Oui, l’idée est que plus de la moitié des jeux sont jouables dans le spectacle. Le spectateur a un rôle actif. C’est vrai du travail de Danielle, et c’est vrai de tous les travaux que nous mentionnons. Le spectateur est impliqué dans le déroulement et l’expérience de l’œuvre. Certaines des œuvres sont des vidéos de jeux existants, mais une partie importante de l’émission invite en fait les téléspectateurs à jouer aux jeux.

Avez-vous pu jouer à des jeux vous-même? Êtes-vous un gros joueur?

J’ai joué beaucoup de temps au cours des 12 derniers mois. C’est depuis quelques semaines Anneau Elden. Certains de mes amis ont passé des centaines d’heures à jouer à des jeux. J’ai peut-être passé 10 heures ensemble Anneau Elden, ce qui n’est pas tellement, mais c’est beaucoup par rapport à ce que nous dépensons pour d’autres choses. Si vous pensez que les gens passent en moyenne 15 ou 30 secondes sur une œuvre d’art, il est intéressant de voir combien de temps les gens passent sur ces jeux.
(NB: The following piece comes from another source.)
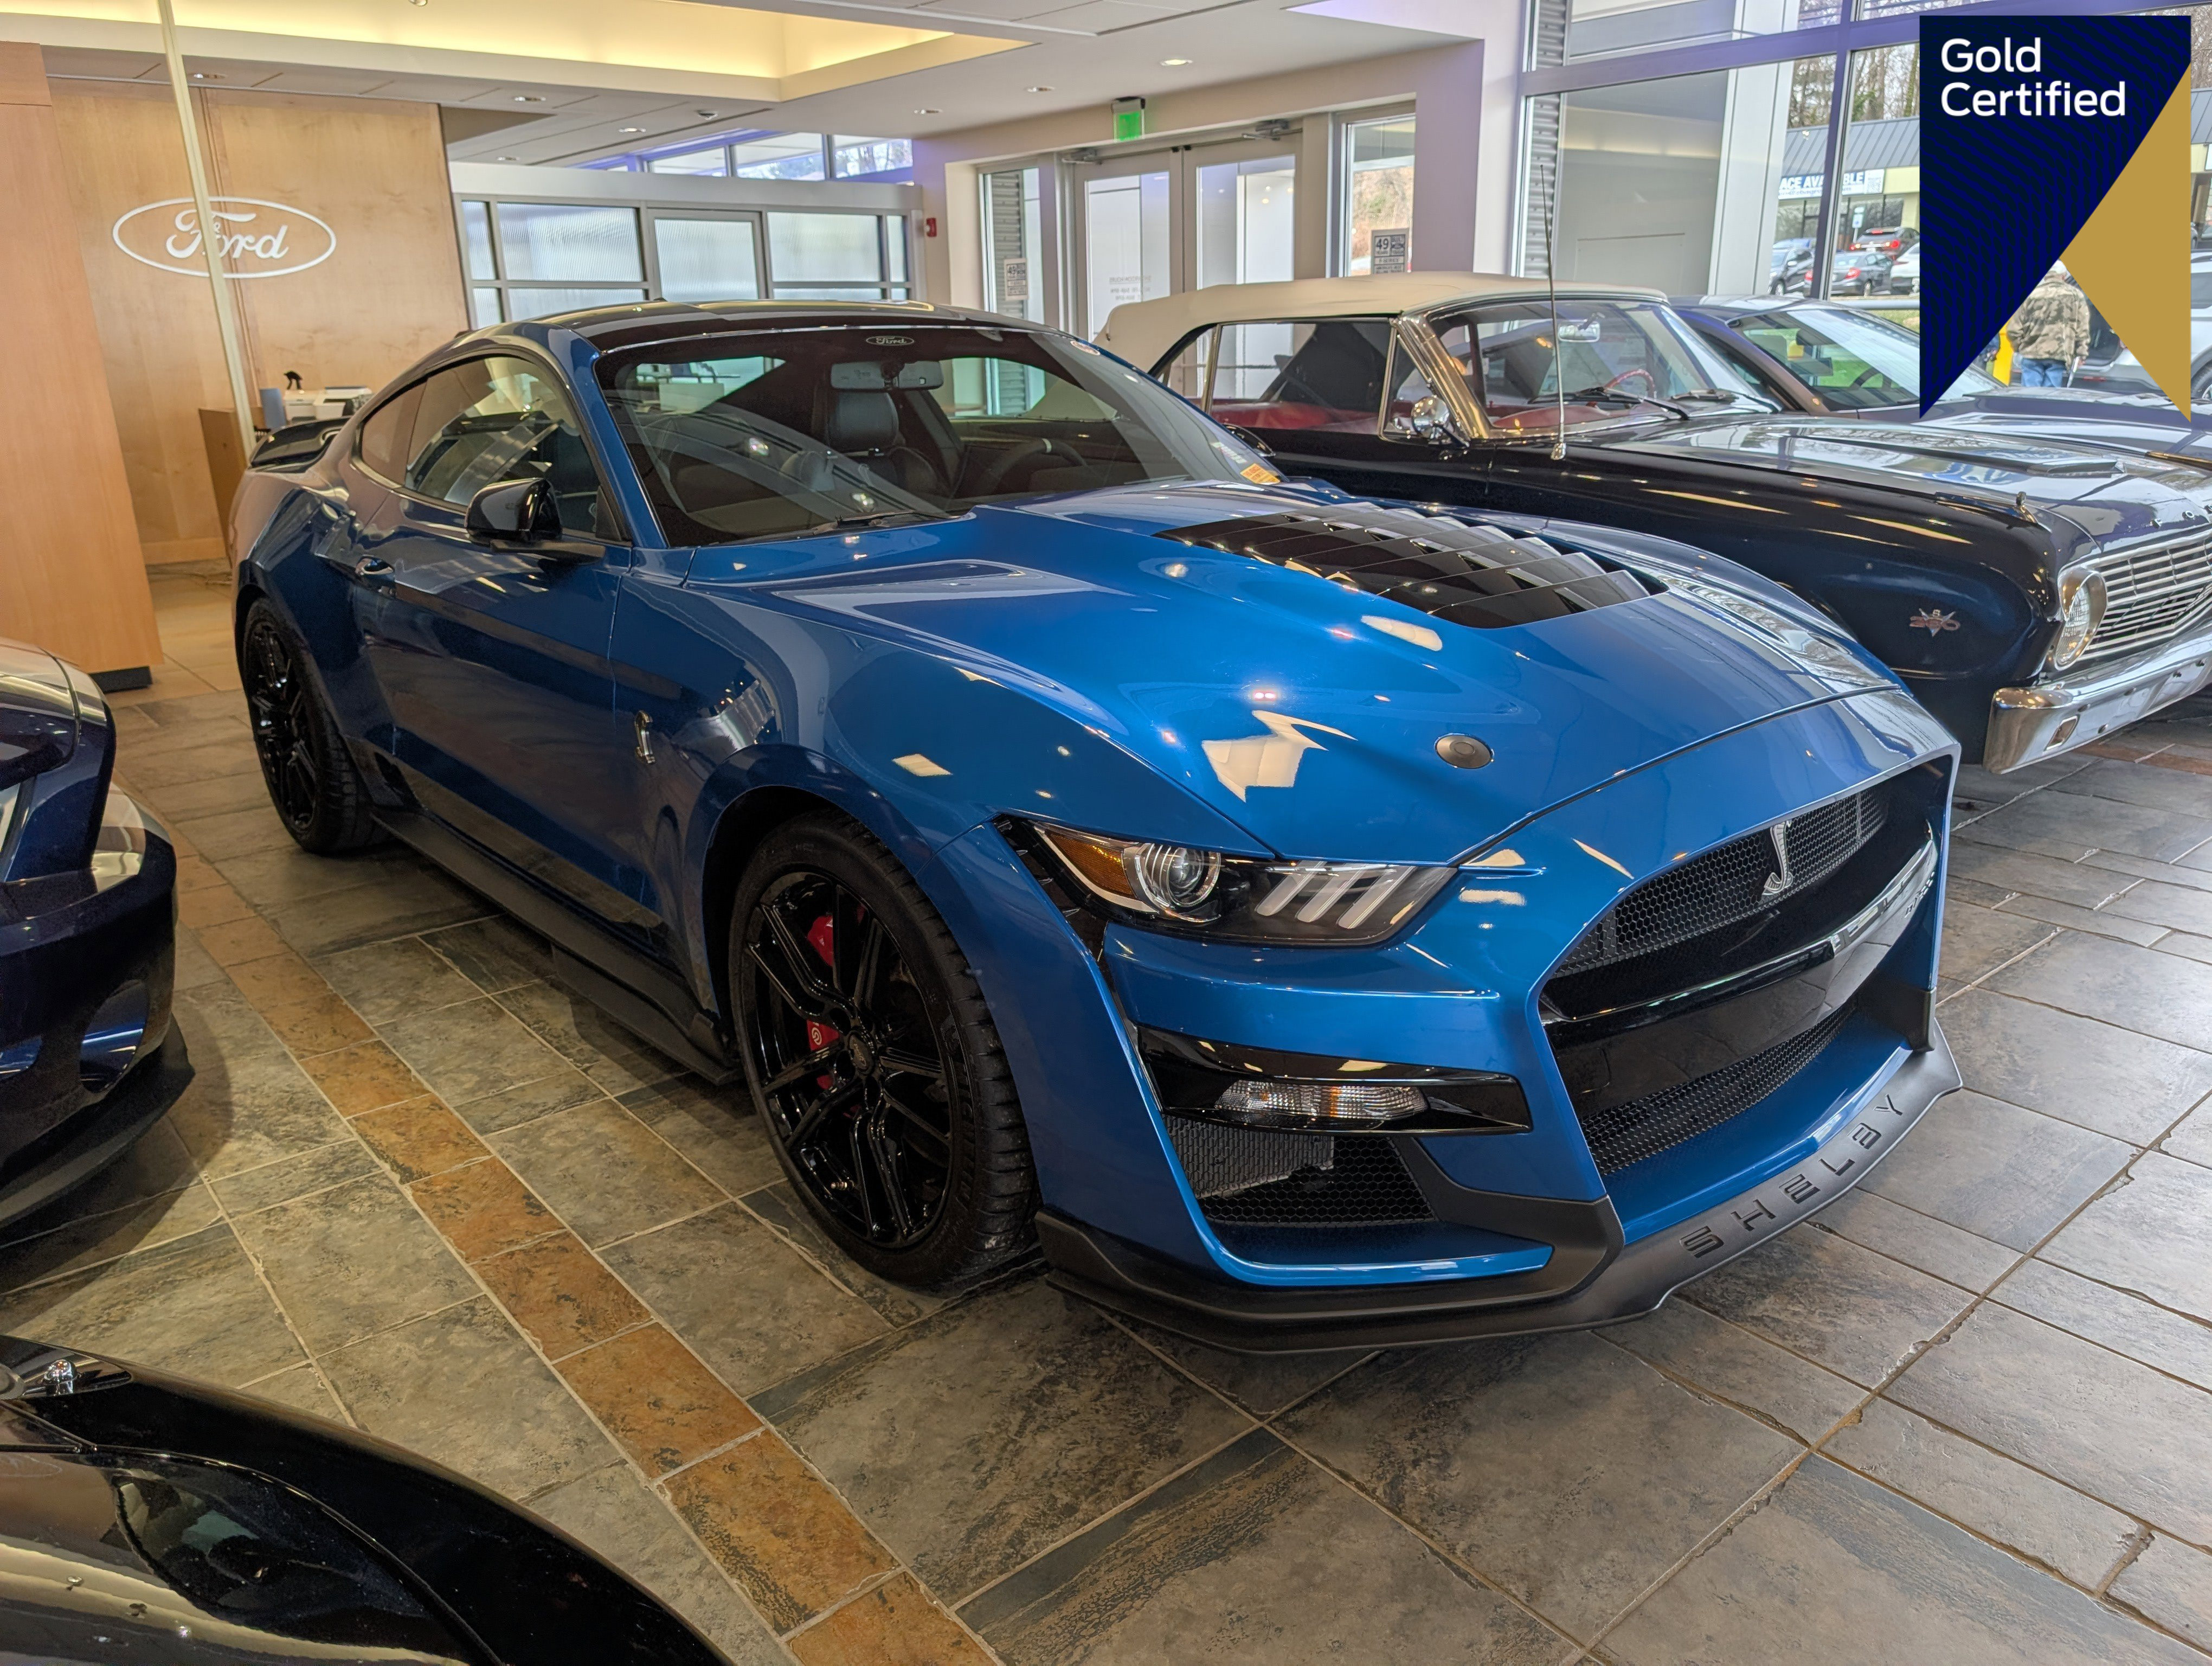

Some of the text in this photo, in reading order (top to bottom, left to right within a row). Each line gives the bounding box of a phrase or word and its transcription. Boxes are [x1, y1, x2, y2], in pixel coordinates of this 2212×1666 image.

Alors oui, ce ne sont pas que des jeux mettant en scène des artistes – ce sont aussi des jeux au sens large. Vous m’avez demandé pourquoi je voulais organiser cette émission. Eh bien, un tiers de la population mondiale joue à des jeux. Au cours des visites de studio, de nombreux artistes ont déclaré qu’ils étaient intéressés à créer leurs propres jeux. Donc je pense que nous commençons juste quelque chose dans le monde de l’art.

D’une certaine manière, ce projet est aussi le reflet du métavers. En quoi un métaverse peut-il être différent de la façon dont les entreprises l’imaginent ? Il convient que nous écoutions les artistes de l’époque pour l’avenir.